J’étais navré.... Je me retournais dans mon angoisse. Je prenais mon parti ; puis je revenais sur ma résolution prise. Je regardais de loin avec désespoir ce petit clocher gris sur le penchant de la colline, le toit de la maison, la tête des tilleuls que tu connais et qu’on voit de la route, par-dessus les tuiles du village. Je me disais : « Je ne pourrai plus passer sur cette route ; je ne pourrai plus regarder de ce côté. Ce clocher, cette colline, ce toit, ces murs, me reprocheront toute ma vie de les avoir livrés pour quelques sacs d’écus ! Et ces bons habitants ! et ces braves et pauvres vignerons, qui sont mes frères de lait et avec lesquels j’ai passé mon enfance, mangeant le même pain à la même table ! que diront-ils ? que deviendront-ils quand on va leur apprendre que j’ai vendu leurs prés, leurs vignes, leur toit, leurs vaches et leurs chèvres, et qu’un nouveau possesseur, qui ne les connaît pas, qui ne les aime pas, va bouleverser demain peut-être toute leur destinée, enracinée comme la mienne dans ce sol ingrat mais natal ? »

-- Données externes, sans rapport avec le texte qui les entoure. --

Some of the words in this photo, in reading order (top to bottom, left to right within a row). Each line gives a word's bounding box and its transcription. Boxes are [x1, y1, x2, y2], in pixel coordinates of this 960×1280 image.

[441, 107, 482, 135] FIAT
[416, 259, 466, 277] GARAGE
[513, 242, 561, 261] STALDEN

Cependant l’heure pressait. Je fis venir un de ces hommes estimés dans le pays, qui achètent les propriétés en bloc pour les revendre en détail, un de ces monnayeurs intelligents de la terre, et je lui dis : « Vendez-moi de Milly ce qu’il faut pour faire cent mille francs, » ou plutôt, comme dit au juif le marchand de Venise, dans Shakspeare : « Vendez-moi un morceau de ma chair ! »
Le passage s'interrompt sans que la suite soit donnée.